Start of Block

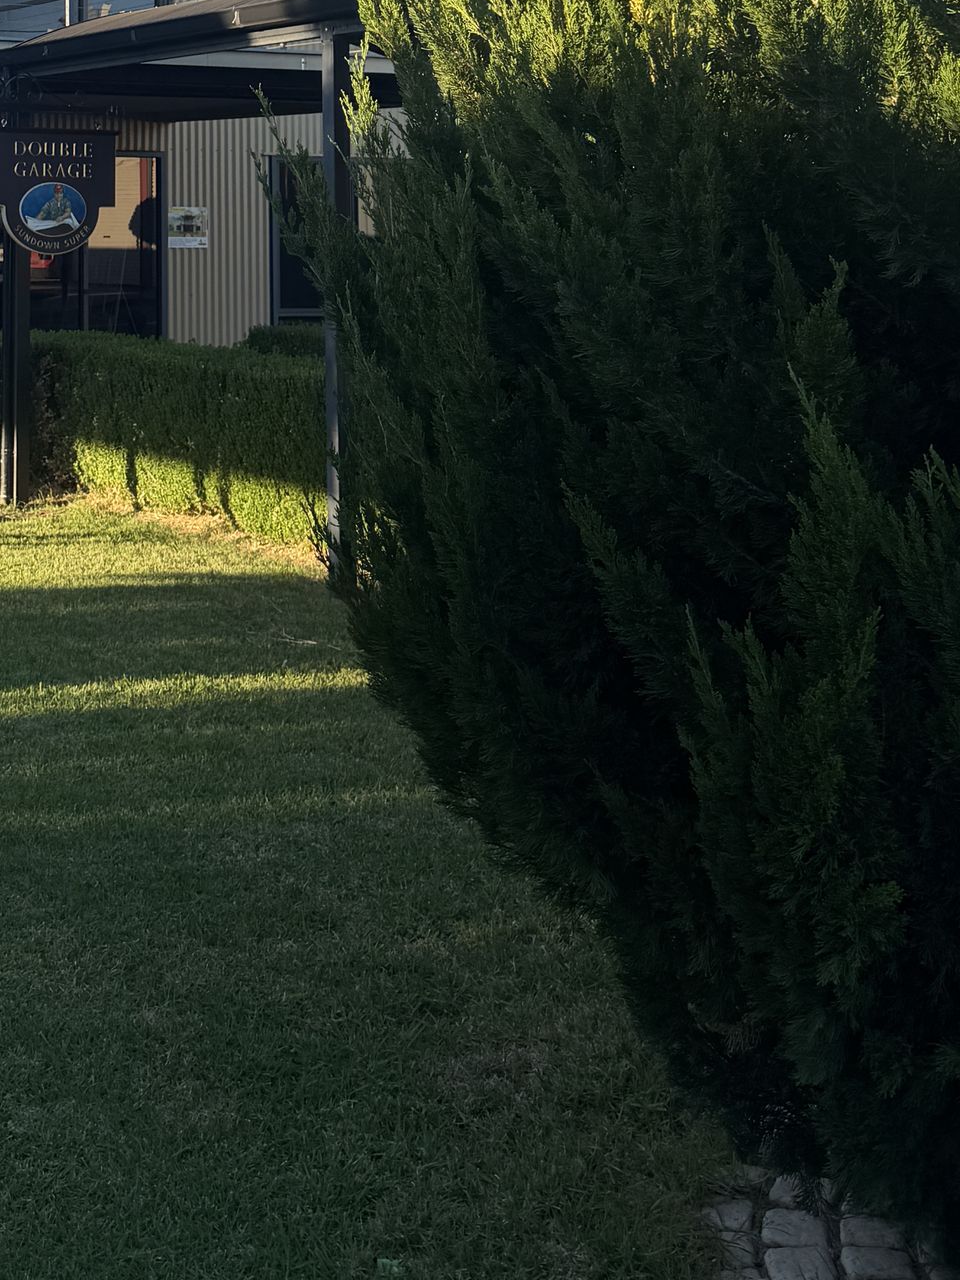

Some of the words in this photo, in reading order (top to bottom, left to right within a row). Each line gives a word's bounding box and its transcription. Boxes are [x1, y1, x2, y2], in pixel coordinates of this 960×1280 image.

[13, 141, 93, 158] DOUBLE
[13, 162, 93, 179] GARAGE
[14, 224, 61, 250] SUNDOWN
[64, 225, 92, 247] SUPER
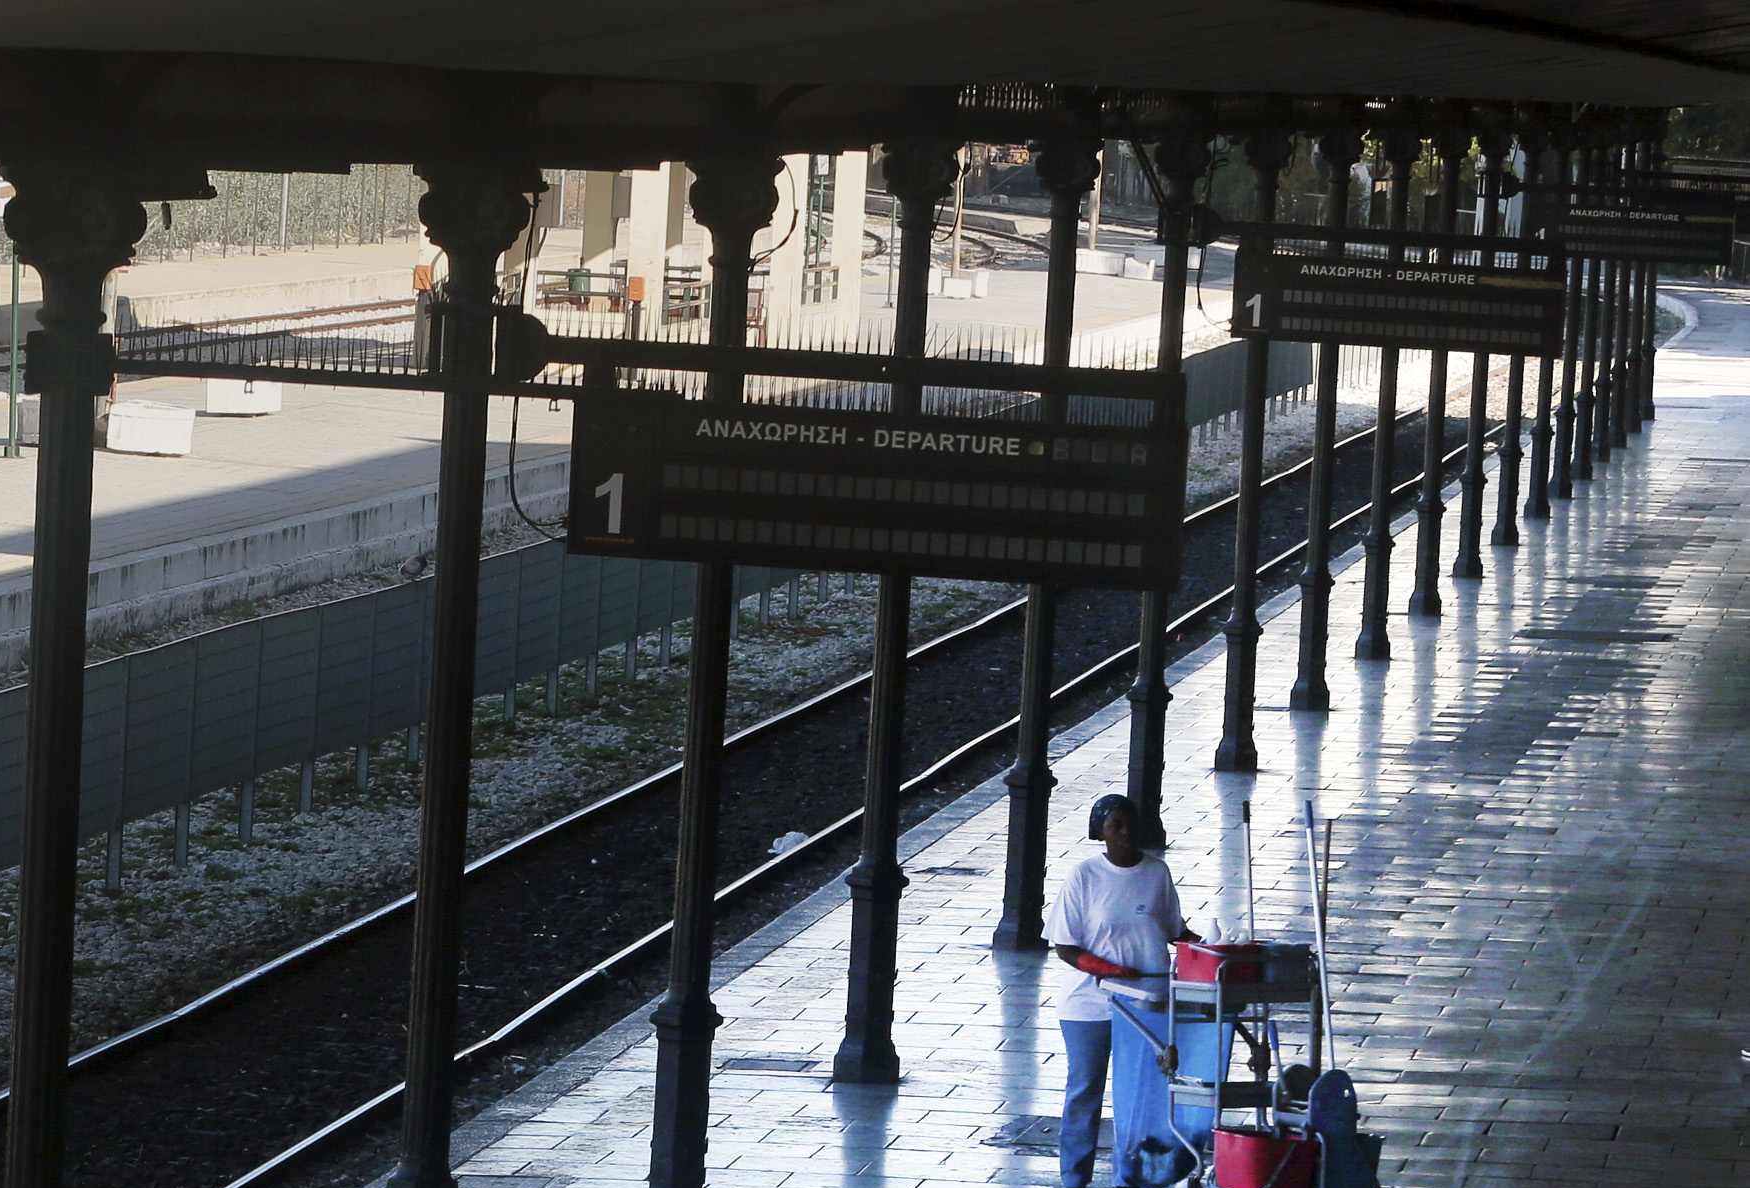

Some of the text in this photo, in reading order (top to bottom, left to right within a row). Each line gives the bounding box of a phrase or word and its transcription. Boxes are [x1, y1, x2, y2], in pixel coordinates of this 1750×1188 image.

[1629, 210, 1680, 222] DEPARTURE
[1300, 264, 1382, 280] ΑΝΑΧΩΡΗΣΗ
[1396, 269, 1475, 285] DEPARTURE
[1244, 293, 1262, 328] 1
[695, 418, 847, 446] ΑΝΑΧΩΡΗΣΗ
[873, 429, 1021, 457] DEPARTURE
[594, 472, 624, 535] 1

End of Block

Print exactly, and only, the lines from the line that contains "Some of the text" through the last line of the records.

● Response below:
Some of the text in this photo, in reading order (top to bottom, left to right within a row). Each line gives the bounding box of a phrase or word and its transcription. Boxes are [x1, y1, x2, y2], in pixel coordinates of this 1750×1188 image.

[1629, 210, 1680, 222] DEPARTURE
[1300, 264, 1382, 280] ΑΝΑΧΩΡΗΣΗ
[1396, 269, 1475, 285] DEPARTURE
[1244, 293, 1262, 328] 1
[695, 418, 847, 446] ΑΝΑΧΩΡΗΣΗ
[873, 429, 1021, 457] DEPARTURE
[594, 472, 624, 535] 1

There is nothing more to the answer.